Don’t let your dog or cat swim in heavy currents or huge waves – even if they’re a strong swimmer. A pet life jacket is always a good idea as an extra precaution regardless of how experienced a swimmer they are and how busy or rough the water is. In fact, it’s really a must-have, hence why it’s featured in our 2023 Guide to Top Dog Christmas Presents.
Never throw them into the water when you don’t know how deep or shallow it is or what might be at the bottom. Best not to do it at all because your pet might also react badly to the shock and swallow water by accident. Start in shallow water and let your pet wade in on their own.
In the ocean, always be on the lookout for rip tides, surfboards, swimmers, jet skis and boats. Watch your furry friend constantly in and around the water.

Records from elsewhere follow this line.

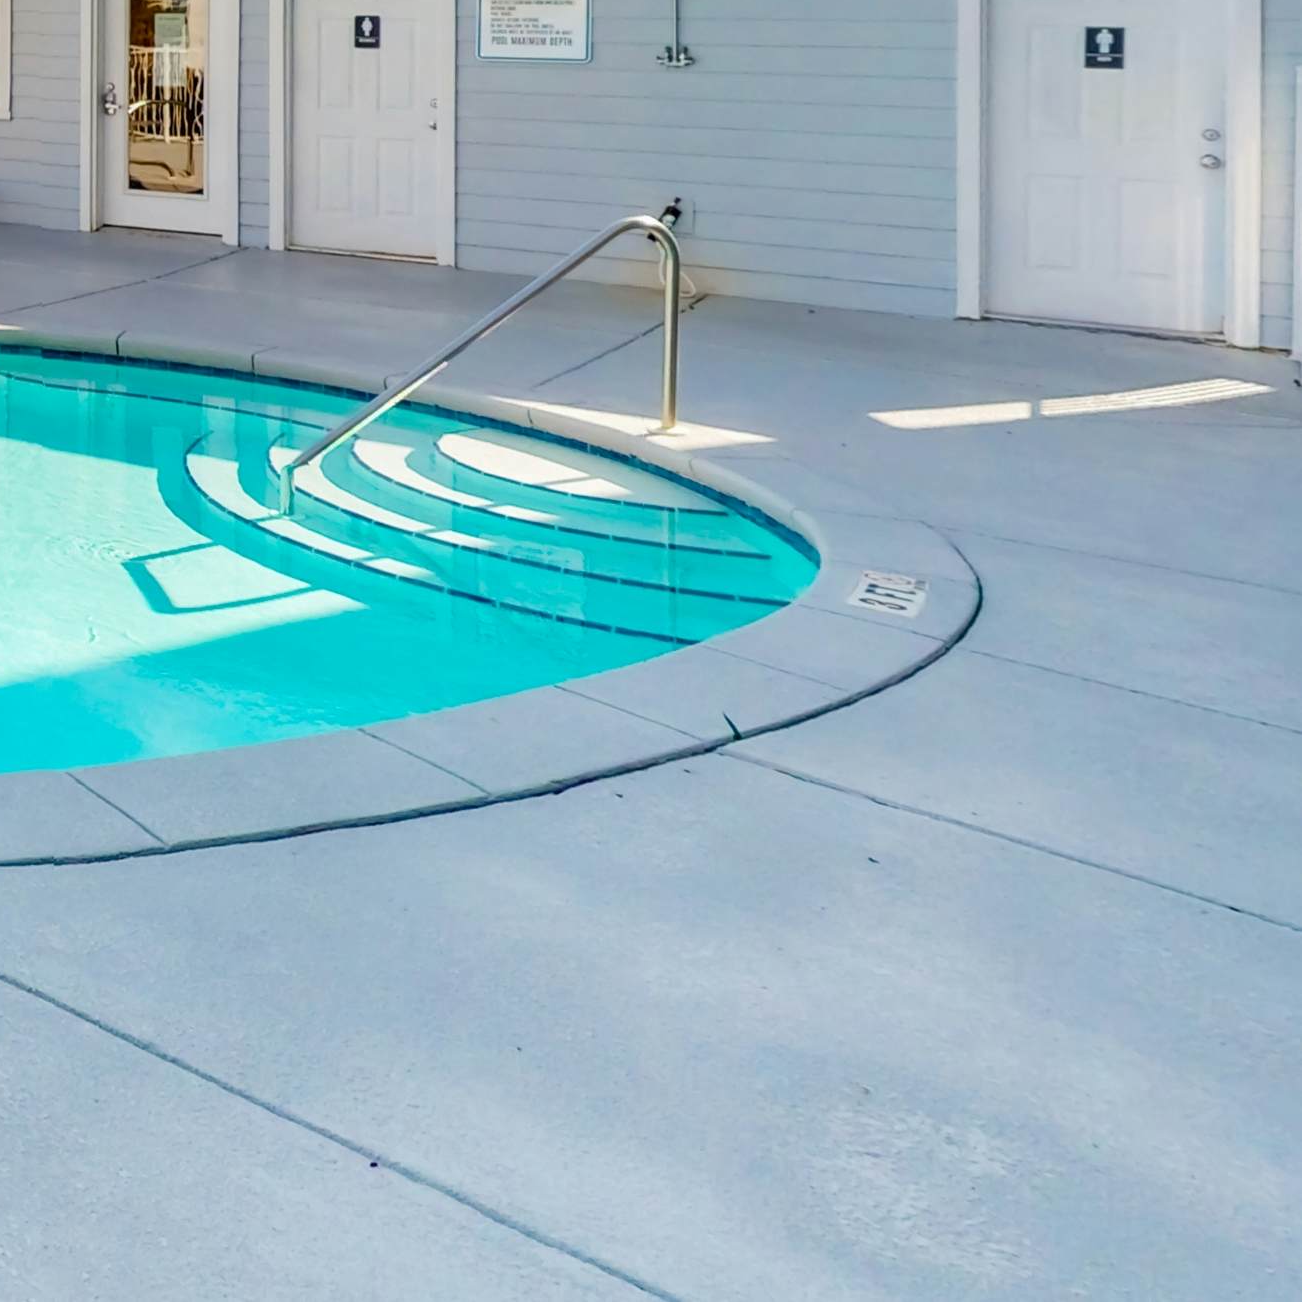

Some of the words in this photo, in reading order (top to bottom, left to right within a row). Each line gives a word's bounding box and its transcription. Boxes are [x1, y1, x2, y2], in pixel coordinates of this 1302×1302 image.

[491, 36, 508, 46] POOL
[511, 36, 547, 46] MAXIMUM
[549, 36, 573, 47] DEPTH
[864, 583, 917, 603] FT
[857, 597, 908, 611] 3

When it comes to lakes, make sure your pet is swimming in open and clear areas there too. Pets can quickly get entangled in reeds, underwater tree roots or water plants, which poses a risk of drowning. Also keep in mind that most all water bodies are clean or safe for pets. They can be contaminated with harmful bacteria or chemicals, which can cause illnesses if your pet drinks the water or swims in it.

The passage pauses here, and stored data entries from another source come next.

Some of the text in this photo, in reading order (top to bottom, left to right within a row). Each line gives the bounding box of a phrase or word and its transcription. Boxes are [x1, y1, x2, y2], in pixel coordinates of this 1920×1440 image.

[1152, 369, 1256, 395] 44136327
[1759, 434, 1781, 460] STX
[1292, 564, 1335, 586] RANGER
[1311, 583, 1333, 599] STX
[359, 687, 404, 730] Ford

#2 Avoiding pet poisons at the beach and beyond
One in 10 of our dog insurance claims are related to accidental ingestion. This covers all kinds of claims, from dogs who ate something poisonous to dogs who had something lodged in their throat or windpipe, to dogs who’d eaten an indigestible item and needed to have it surgically removed.
Your pet dog or cat gobbling up something poisonous at the beach is something you need to be aware of. This includes sea urchins, sea slugs, jellyfish, sea lice, blue bottles and puffer fish.
Carry a small bottle of vinegar to douse over a sting or rash – this will neutralise the poison. With more serious incidents, like your pet ingesting a puffer fish, medical treatment should be sought immediately.
Beyond the beach pet safety
Some other bodies of water, like lakes, creeks and dams, can have toxic blue-green algae blooms, which are highly dangerous if ingested by pets. These hazards can lead to swelling, breathing difficulties, and can even be fatal.
Best to get your pet to a vet ASAP if they consume water with this algae in it. You don’t want them to end up like this dog did.
For a more comprehensive list of poisonous creatures in New Zealand click here. Also keep the Animal Poisons Helpline number on your phone in case of emergency: 0800 869 738. The service is free for all pet owners.
Once you’ve done that, check out which are the top dog friendly beaches for Kiwi canines.
#3 Salt water and sand are pet safety beach hazards
Did you know that swallowing too much salt water or sand can be dangerous to your pet?
Pet safety at the beach, lake and beyond includes making sure they’re not gobbling up sand or taking in too much salty water. This usually happens from your pet (usually doggo) scooping up sand and water when they’re grabbing for toys or a ball in the water.
Too much sand – referred to as sand impaction in dogs – can cause blockages in their abdominal system, which will lead to pain and worse if there’s no urgent treatment to help pass the blockage. Signs and symptoms of sand impaction in dogs include vomiting, constipation, lethargy and dehydration.
Salt water will also dehydrate your pet dog or cat and lead to cramps, vomiting and nausea. Be aware too that pets who swim around in water can suffer from secondary drowning, just like us humans. This can occur up to three days after them being in a near-downing situation. Read more about this here.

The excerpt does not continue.